Today, let’s talk about commercial real estate. Now, the main topic here is:
- Is commercial real estate ready to crash? Or is it crashing?
- How would you compare it to the 2008 residential crash?
- When was the last time commercial real estate crashed?
- And where is the money flowing out of commercial?
I’ll give you my final thoughts at the end. Welcome back to the Shawn Realty podcast!
So, I was just reading some articles. Basically, commercial buildings, specifically office buildings, are selling at like 40%, 45%, even 85% loss compared to the last purchase price. Let’s dive into May 6, 2024: commercial Worcester foreclosures spike 117% as stress mounts.
In March 2024, California had 187, New York 61, Florida 60, Texas 55, New Jersey 42, Pennsylvania 27, Georgia 21, Ohio 19, Connecticut 18, and Illinois 17 foreclosures. That’s quite a bit of foreclosures. If you see this graph, since 2014, probably since the 2008 market crash, commercial properties were foreclosed around 2014 because that’s when the loans were due, I’m sure. Then it went down, and in 2020, right at the pandemic, it hit its lowest and now it’s going back up. People who bought commercial buildings from 2018, 2019, 2020, they’re going to be the ones that get hurt the most.
One more thing: The Starwood Real Estate Income Trust, a commercial investment fund, is in trouble, but this article is behind a paywall.
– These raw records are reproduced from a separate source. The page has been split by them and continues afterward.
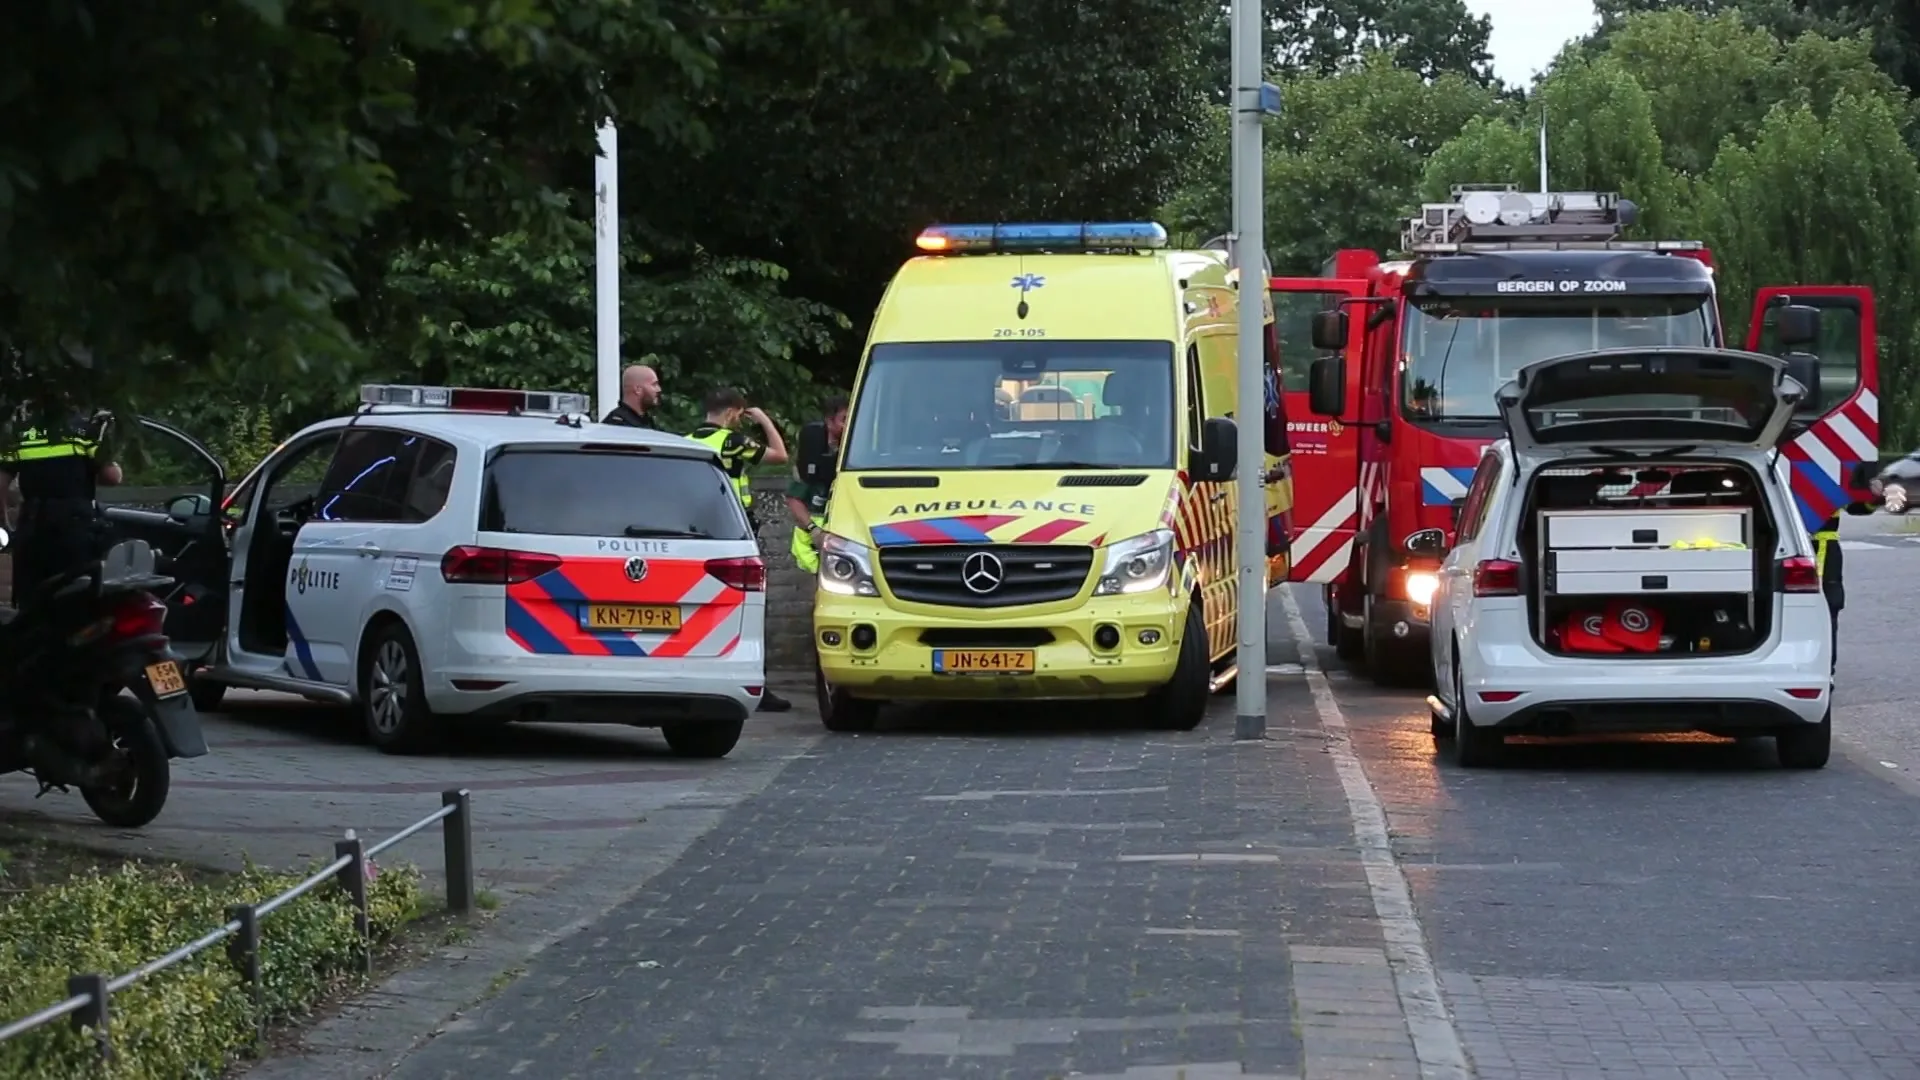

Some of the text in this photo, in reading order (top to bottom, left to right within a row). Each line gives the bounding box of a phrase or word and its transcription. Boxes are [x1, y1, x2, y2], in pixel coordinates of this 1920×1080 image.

[1497, 280, 1626, 292] BERGEN OP ZOOM
[993, 328, 1046, 338] 20-105
[1286, 421, 1328, 433] DWEER
[889, 499, 1095, 517] AMBULANCE
[597, 539, 670, 554] POLITIE
[596, 608, 673, 626] KN-719-R
[951, 652, 1026, 668] JN-641-Z
So, I briefly read it; it’s pretty much the same thing, three different examples of buildings selling for probably half of what they paid for. So, it makes me wonder if it’s just one individual losing that kind of money, let’s say $40 million, just shaking it off and moving on with life. But if a bunch of investors put money into it, what happens to them?
I’m more concerned about the local banks. My understanding is that local banks heavily invested in commercial real estate, and their loans typically have shorter due times, not like 30 years like residential, they can be seven years, they can be ten years (up to 20 years).
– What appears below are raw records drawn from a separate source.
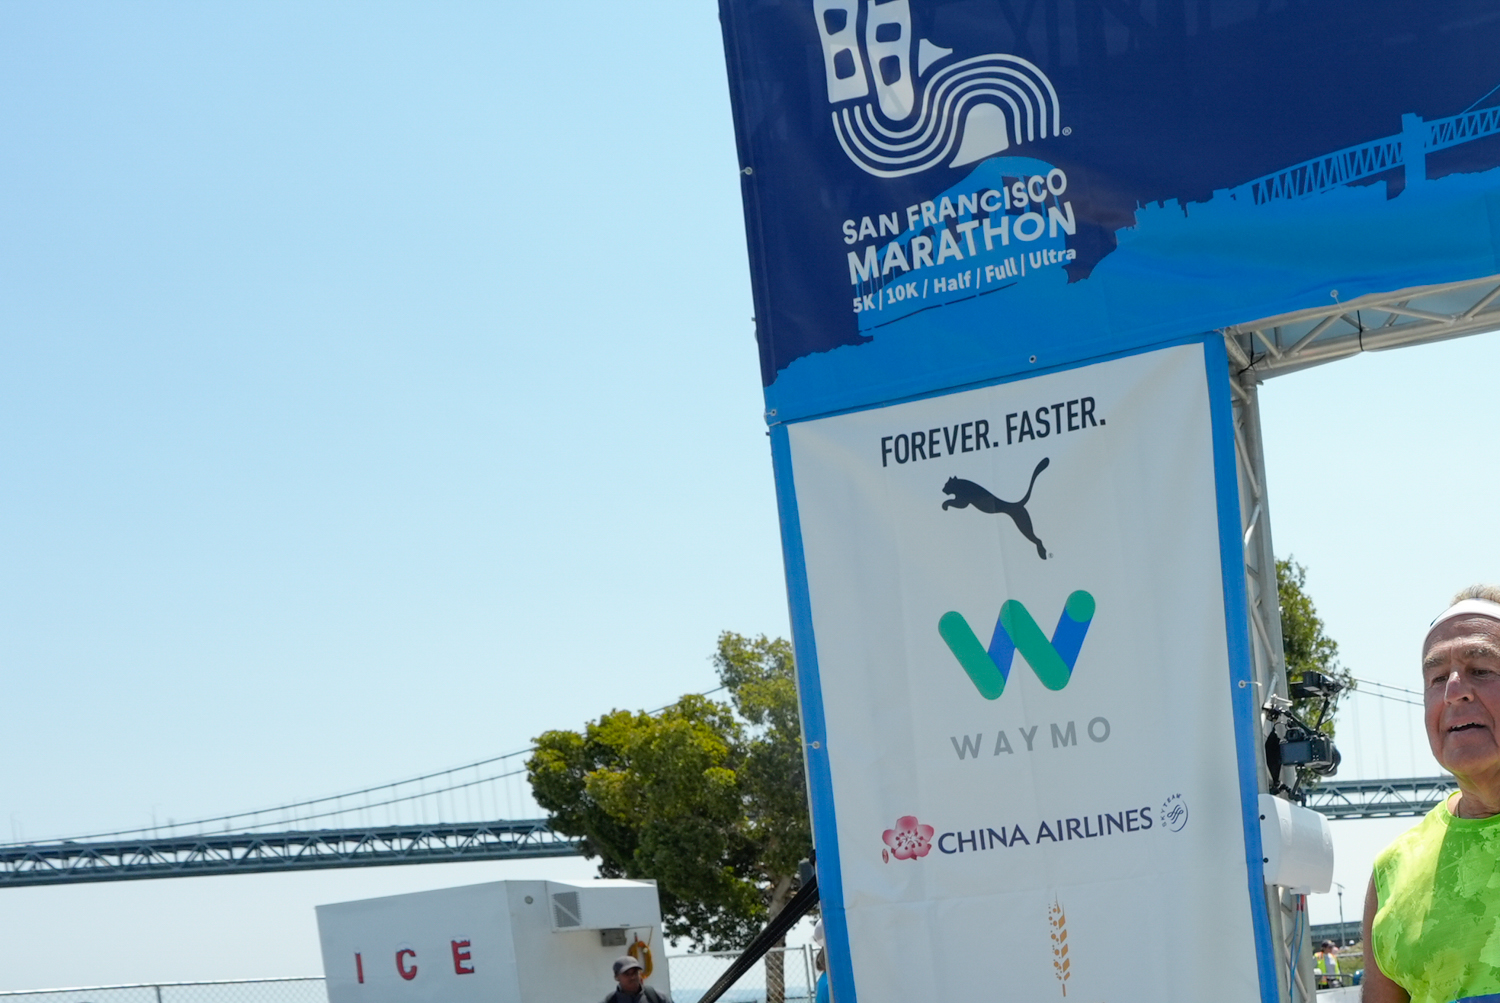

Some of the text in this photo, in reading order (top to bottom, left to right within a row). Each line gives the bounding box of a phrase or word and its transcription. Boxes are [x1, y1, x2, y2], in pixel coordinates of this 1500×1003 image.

[842, 168, 1067, 245] SAN FRANCISCO
[847, 202, 1076, 285] MARATHON
[852, 294, 875, 314] 5K
[886, 282, 919, 305] 10K
[933, 271, 972, 294] Half
[985, 260, 1018, 283] Full
[1029, 247, 1077, 271] Ultra
[881, 396, 1106, 467] FOREVER. FASTER.
[950, 716, 1111, 760] WAYMO
[937, 806, 1153, 854] CHINA AIRLINES
[353, 934, 475, 984] ICE
Based on what I know, especially right in the middle of downtown, those big office buildings, the leasing space, the demand is just not there. Too much supply, as far as I know. The owners of buildings, they have to pay back the loan. Then what do you do? You either have to sell at a loss or go into foreclosure, right?
The last time about a 40% loss was actually 2008, ’09, ’10, that was residential. The homes were losing that kind of value at the time. The average was about 35%. One main key point that I wanted to bring up in this video is that when this commercial risk-taker money is coming into residential, what I mean by that is some of these REITs, the investment groups, the capital funds, if they are diversified in commercial and residential, they’re losing, they’re bleeding money on the commercial, especially office buildings, but they’re doing fine in the residential, right? They’re now realizing residential commercial side is where they need to put the money into.
That’s why, like you know, Blackstone is one of the biggest ones in the world; they’ve been buying up residential quite a bit, even single-family homes, multiplexes, apartments, you name it. That’s why the residential market, the demand is so high; that’s why some of the first-time home buyers cannot even buy because you can’t compete against these big fund buyers. There’s so much investor money out there. I always want to advocate for individual homeownership rather than a bunch of companies owning thousands of homes. I actually told one of my commercial building buyers to wait. That was about a year, year and a half ago.
Two different markets for office buildings: one in downtown and one suburban. Now in, you know, suburban office market, I would think that it’s going to do a little bit better. As long as there’s a demand for it and it’s midsize, it’s fine. But if it’s huge, if it requires downtown pre-pandemic, a bunch of people going to downtown, if that’s not coming back, I don’t see how commercial market in downtown office buildings can come back. I just don’t see it. People aren’t going back.
First of all, the cities have to be safer so that people will feel safe to go downtown. And at the same time, companies have to come back downtown. But in the last two, three years, most of the companies are leaving downtown, which is a problem because of their employees’ safety issue. Until the office space supply goes down or demand goes up, I don’t see this office building real estate coming back, and I think it’s going to crash even more until this supply and demand balance is out. It’s almost like a silent market crash because many of the commercial real estate people that I interact with on Twitter, now at the X, the ones that are doing well are the ones that are buying the multifamily buildings and selling multifamily buildings or industrial warehouses; they’re doing great it seems. But when it comes to office buildings, this is where people don’t want to talk about it because there are big losses there. But that’s what’s happening in 2024, in my opinion.
Final thoughts: More money is coming into residential, and that’s where money is coming in. That’s why residential is doing great, and they’re talking about the rent keep going up, prices keep going up even at the high-interest rate. When the mortgage interest goes up, that doesn’t affect the cash buyers. If the capital fund group is cash buyers, more likely they gather people’s money. They don’t care what the interest rate is. It only hurts the small people, just regular home buyers hurt the most. Don’t blame the realtors or real estate agents here because it’s monetary policy that’s hurting people. That was my thought. Commercial money coming into residential real estate is raising the demand for residential, getting more competitive, while the commercial real estate is slowly crashing.